For the countrymen, who watched art made out as a frivolous exercise except while put to didactic use, the new-found freedom to explore pure aesthetic pleasures, to repossess historical artworks and to flaunt recent affluence has indeed been a liberating experience!

In some ways, the tide of art buying is an effort to make up for lost time. “For 5 or 6 decades, nothing happened in China,” observes the Asia Society president, Vishakha N. Desai, “That’s a big break! The last two and a half centuries were those of humiliation. They now feel an obligation to prize art again.” So they are placing their bets primarily on the art of their homeland.

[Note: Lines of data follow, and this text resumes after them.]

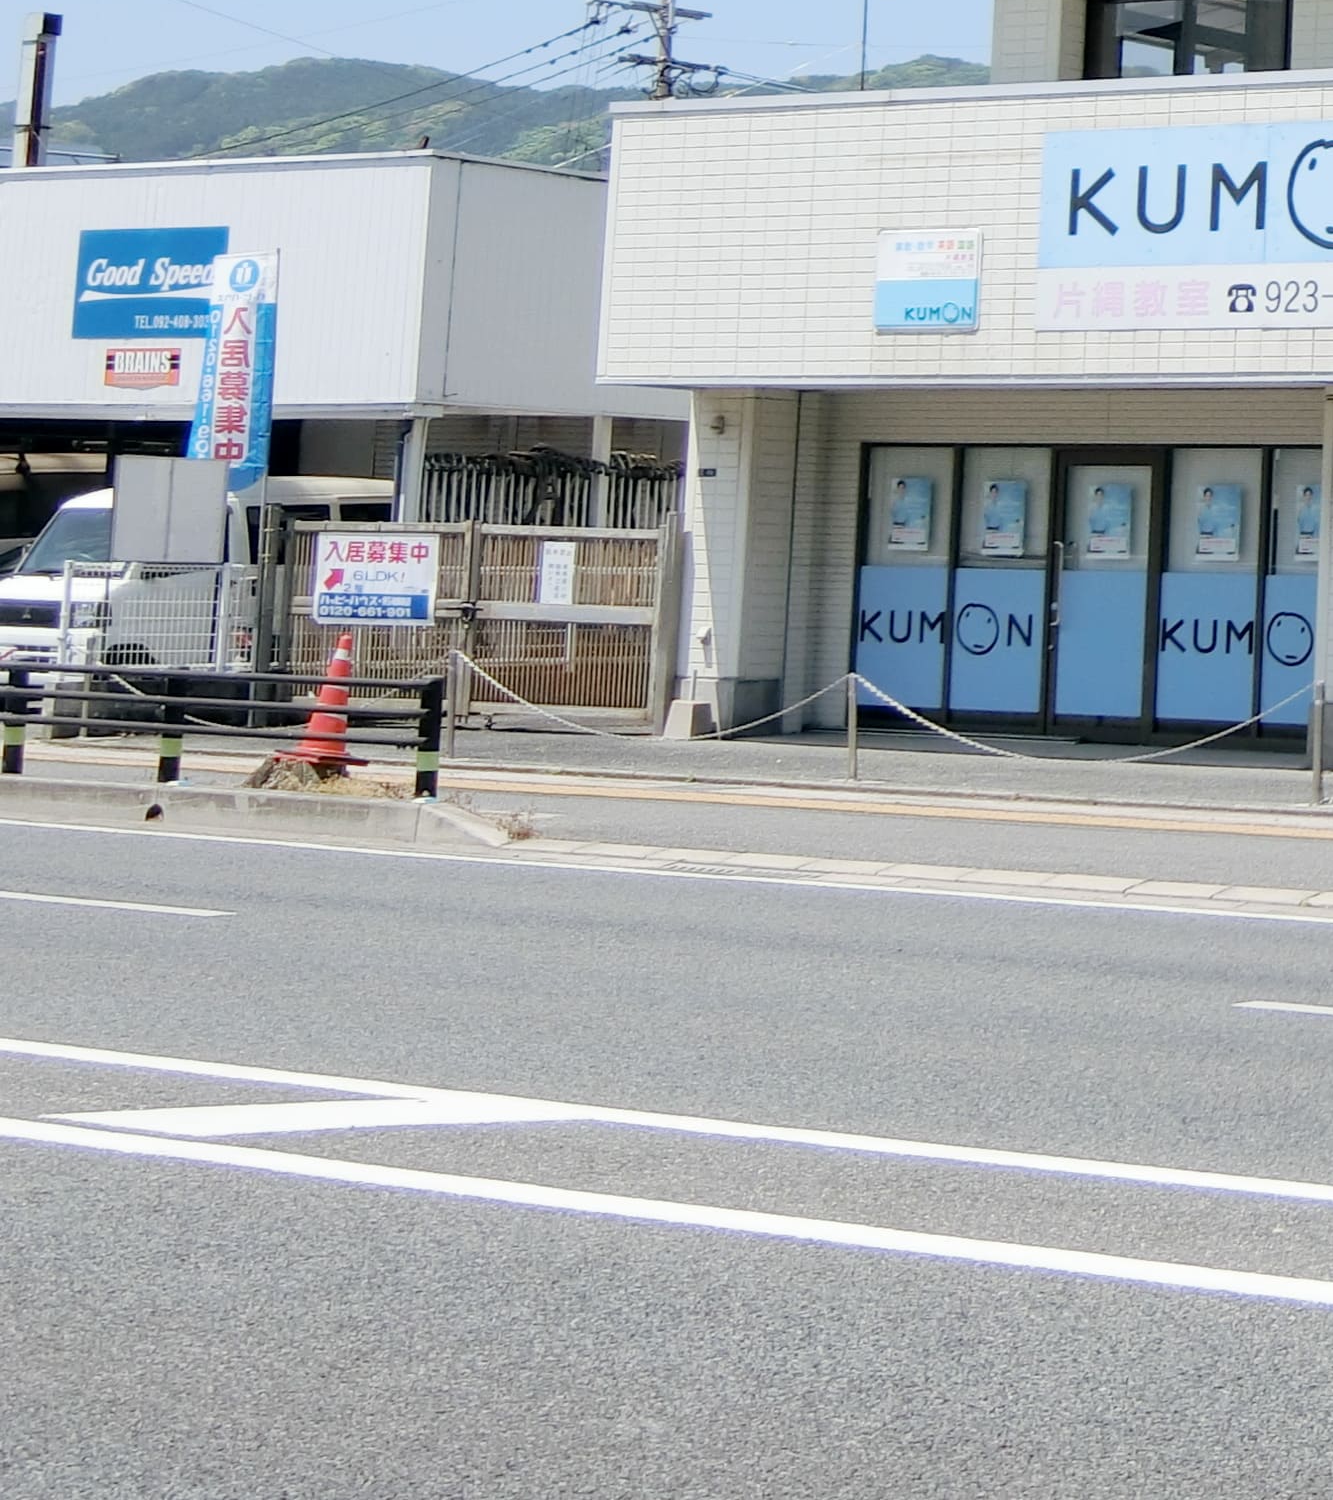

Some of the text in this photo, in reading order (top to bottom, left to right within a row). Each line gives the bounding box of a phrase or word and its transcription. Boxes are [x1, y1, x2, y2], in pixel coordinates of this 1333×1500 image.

[86, 258, 146, 287] Good
[903, 301, 973, 324] KUMON
[1053, 280, 1211, 320] 片縄教室
[114, 350, 172, 373] BRAINS
[324, 540, 429, 564] 入居募集中
[859, 602, 1034, 656] KUMON
[1160, 611, 1315, 667] KUMO

No surprise, much of the Chinese artworks of the last many decades respond sometimes more subtly, sometimes more directly -to the regulation of artistic expression by the country’s leadership. From calligraphy to gunpowder, Chinese artists have a wealth of cultural elements untouched by Western artists to bank on. The socio-political challenges they face in their homeland has helped shape powerful, iconoclastic pieces, which can very well hold their own against more famous contemporary Western art.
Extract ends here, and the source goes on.